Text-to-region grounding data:
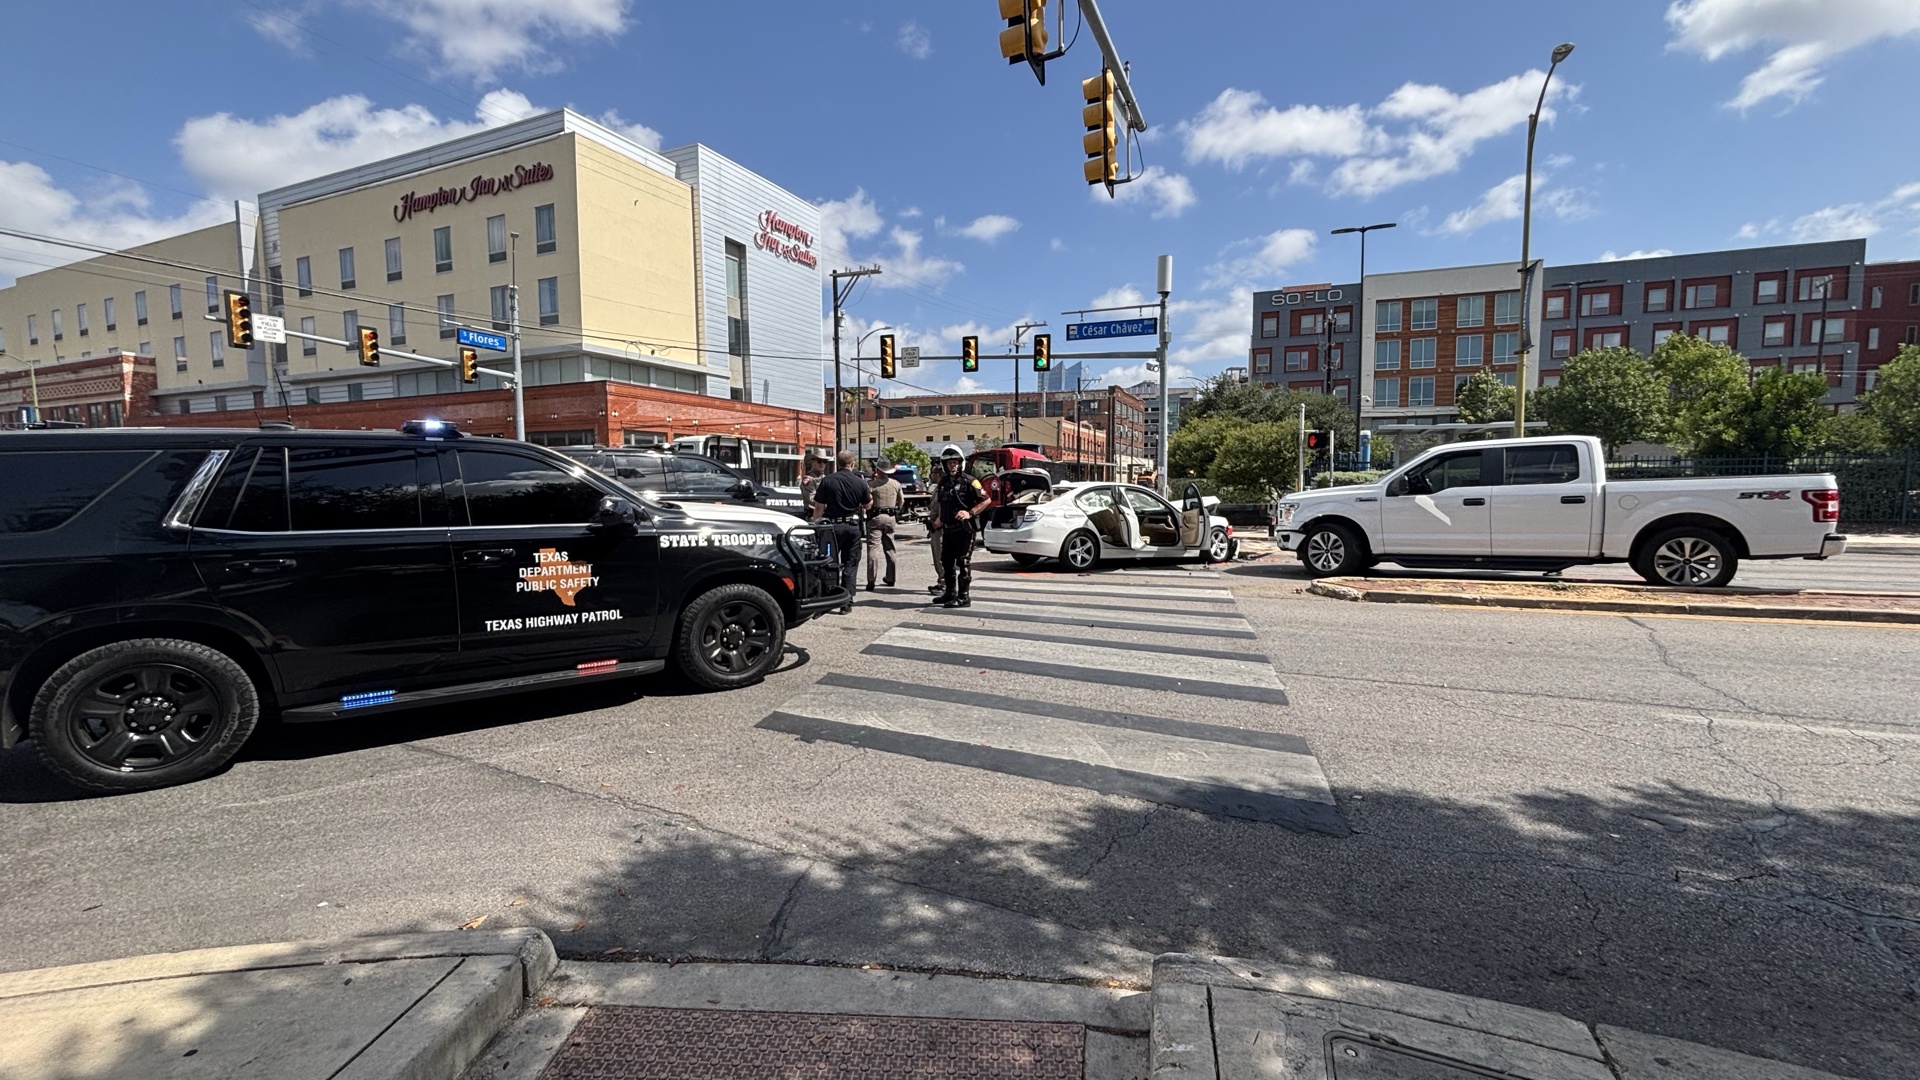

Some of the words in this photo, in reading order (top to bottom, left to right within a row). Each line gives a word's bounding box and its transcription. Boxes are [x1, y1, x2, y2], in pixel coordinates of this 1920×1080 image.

[393, 187, 462, 223] Hampton
[462, 174, 501, 202] Inn
[501, 175, 512, 192] &
[509, 161, 554, 189] Suites
[758, 210, 813, 249] Hampton
[754, 231, 782, 258] Inn
[789, 243, 817, 270] Suites
[1082, 325, 1107, 336] César
[1110, 322, 1143, 334] Chávez
[469, 332, 500, 346] Flores
[1737, 490, 1791, 500] STX
[659, 534, 708, 548] STATE
[711, 533, 774, 547] TROOPER
[533, 551, 569, 563] TEXAS
[518, 563, 593, 578] DEPARTMENT
[516, 581, 557, 593] PUBLIC
[559, 576, 600, 589] SAFETY
[485, 618, 523, 632] TEXAS
[525, 613, 579, 629] HIGHWAY
[581, 609, 623, 623] PATROL

Your instructions.
Please reproduce each entry exactly as given and omit the pictures.

Solution to this problem.
Some of the words in this photo, in reading order (top to bottom, left to right within a row). Each line gives a word's bounding box and its transcription. Boxes are [x1, y1, x2, y2], in pixel coordinates of this 1920×1080 image.

[393, 187, 462, 223] Hampton
[462, 174, 501, 202] Inn
[501, 175, 512, 192] &
[509, 161, 554, 189] Suites
[758, 210, 813, 249] Hampton
[754, 231, 782, 258] Inn
[789, 243, 817, 270] Suites
[1082, 325, 1107, 336] César
[1110, 322, 1143, 334] Chávez
[469, 332, 500, 346] Flores
[1737, 490, 1791, 500] STX
[659, 534, 708, 548] STATE
[711, 533, 774, 547] TROOPER
[533, 551, 569, 563] TEXAS
[518, 563, 593, 578] DEPARTMENT
[516, 581, 557, 593] PUBLIC
[559, 576, 600, 589] SAFETY
[485, 618, 523, 632] TEXAS
[525, 613, 579, 629] HIGHWAY
[581, 609, 623, 623] PATROL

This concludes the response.